I love this. I can see the truth of this. The author goes on to say he got the idea reading about pilots who track how many of hours of flight time they've logged. More hours equals more experience.

Read the whole piece. It's fascinating.

I spent an hour or so studying basic chess rules and pieces because I'd lost everything I ever knew long ago. Then I came across a site with the record of a game that someone said showed how a David topple a Goliath at chess. I studied every move, tried to imagine what move to make next if it was me.

I was clueless most all the time. But other times what I thought up as a possibility was was happened. How exciting! Other moves took my breath away. I'd forgotten that a piece can shoot across the board and kill you dead.

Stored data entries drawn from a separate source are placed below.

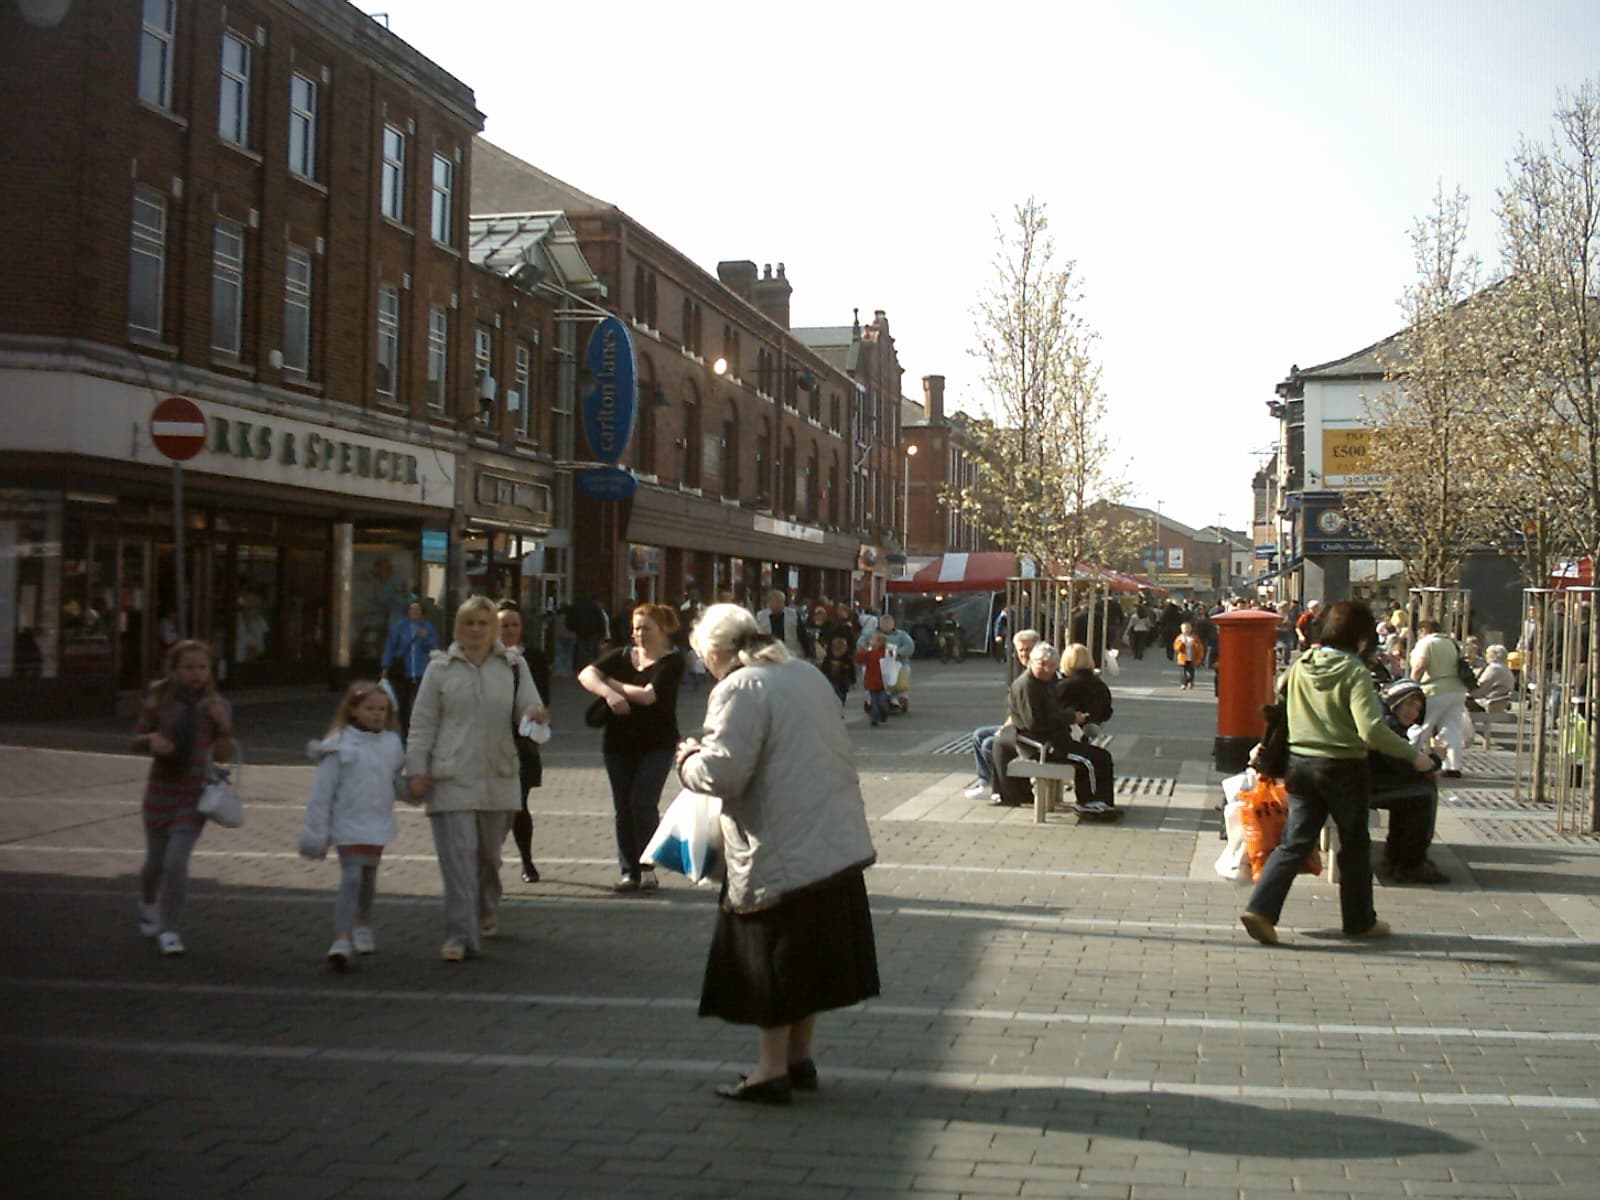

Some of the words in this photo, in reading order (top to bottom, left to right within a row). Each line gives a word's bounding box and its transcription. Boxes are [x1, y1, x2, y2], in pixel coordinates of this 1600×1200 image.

[597, 329, 617, 377] lanes
[210, 416, 272, 460] RKS
[303, 432, 419, 484] SPENCER
[596, 384, 617, 452] carlton
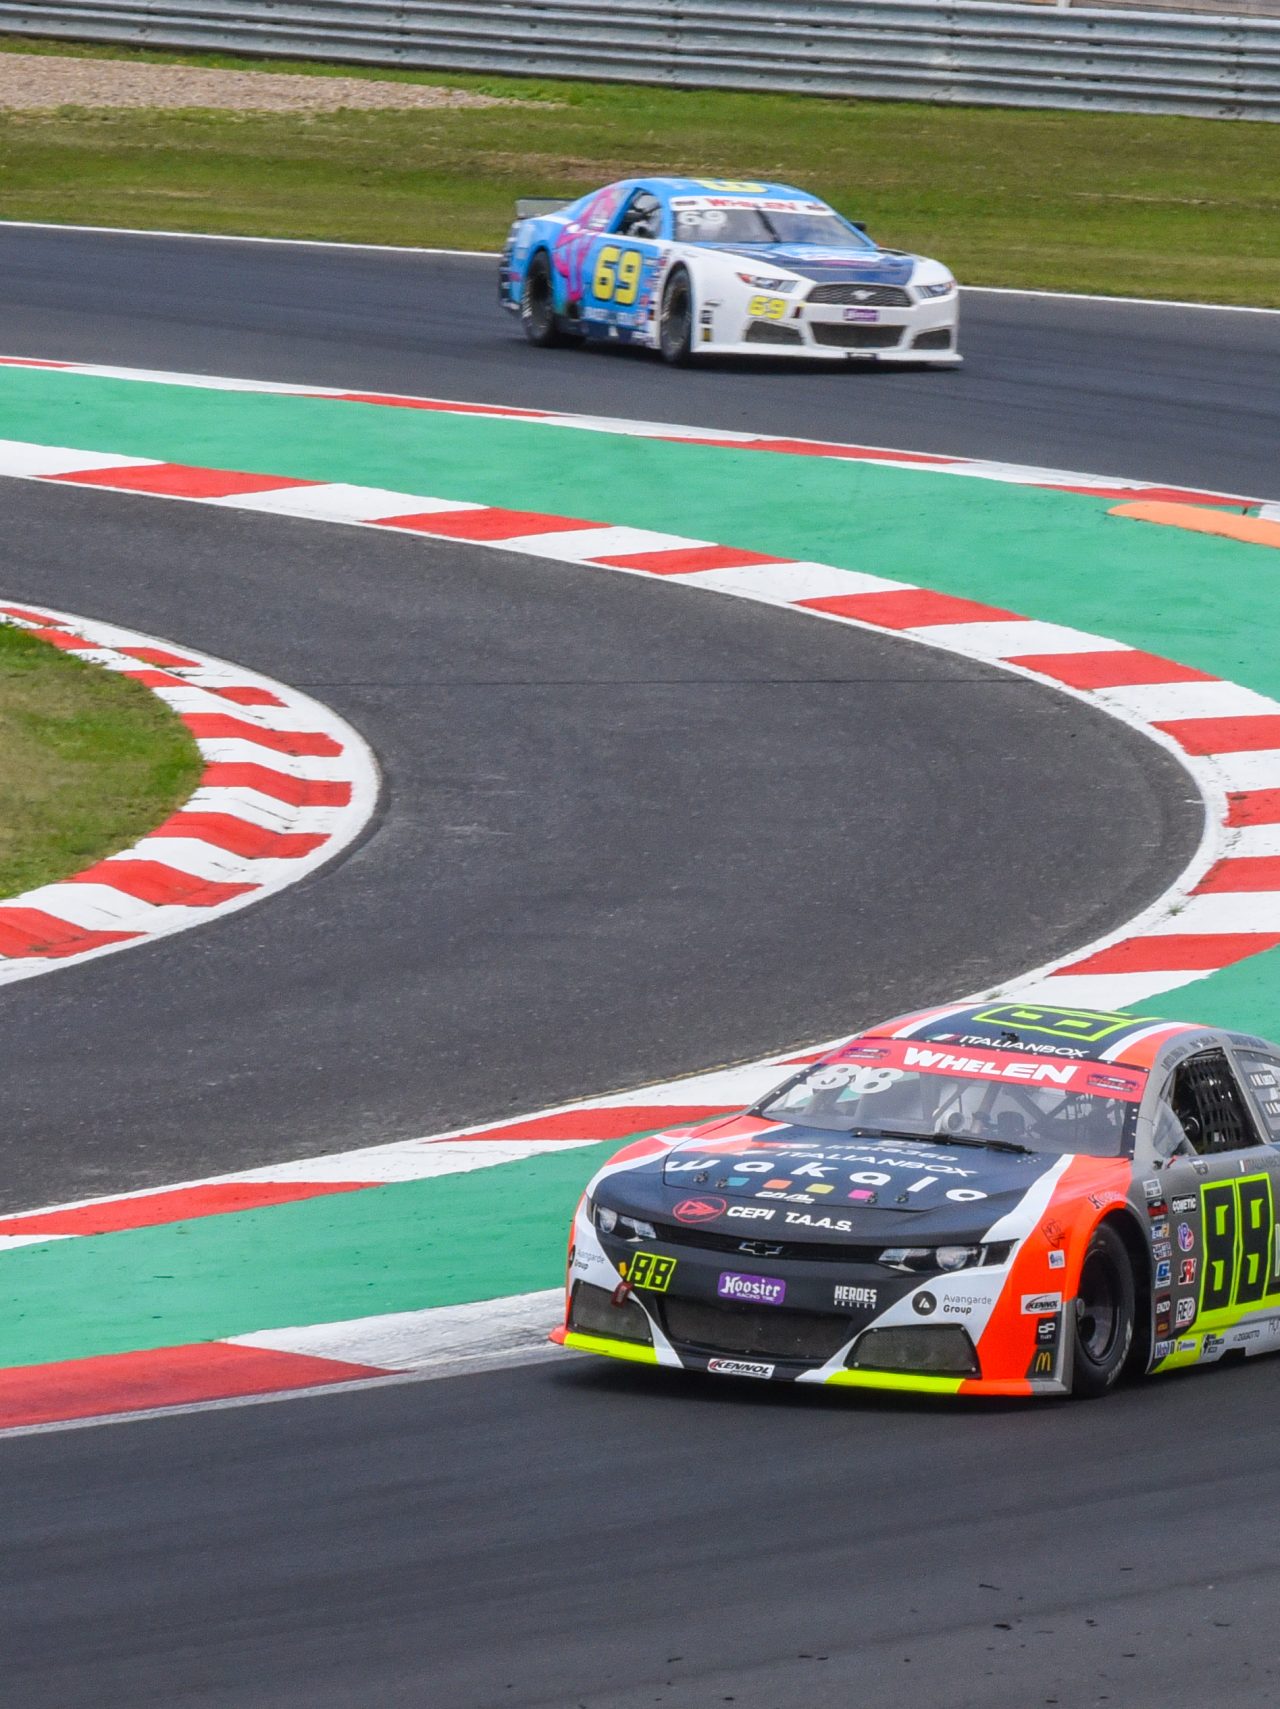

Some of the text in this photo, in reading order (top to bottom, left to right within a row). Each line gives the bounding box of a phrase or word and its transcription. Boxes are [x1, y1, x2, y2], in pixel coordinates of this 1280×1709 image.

Why did rediscovering the ruthlessness and cut-throat spirit of chess make me smile? I thought I was more civilized.

I suddenly remembered how my brother went into killer mode when he played chess with me. Oh, how he gloated when he won. Oh, how he threw a tantrum when he lost. I don't want to go there again.

The David/Goliath game ended abruptly, and because of my groping inexperience, for me it didn't quite end at all. Who won? I couldn't figure it out! D'oh!

So...practice, practice, practice.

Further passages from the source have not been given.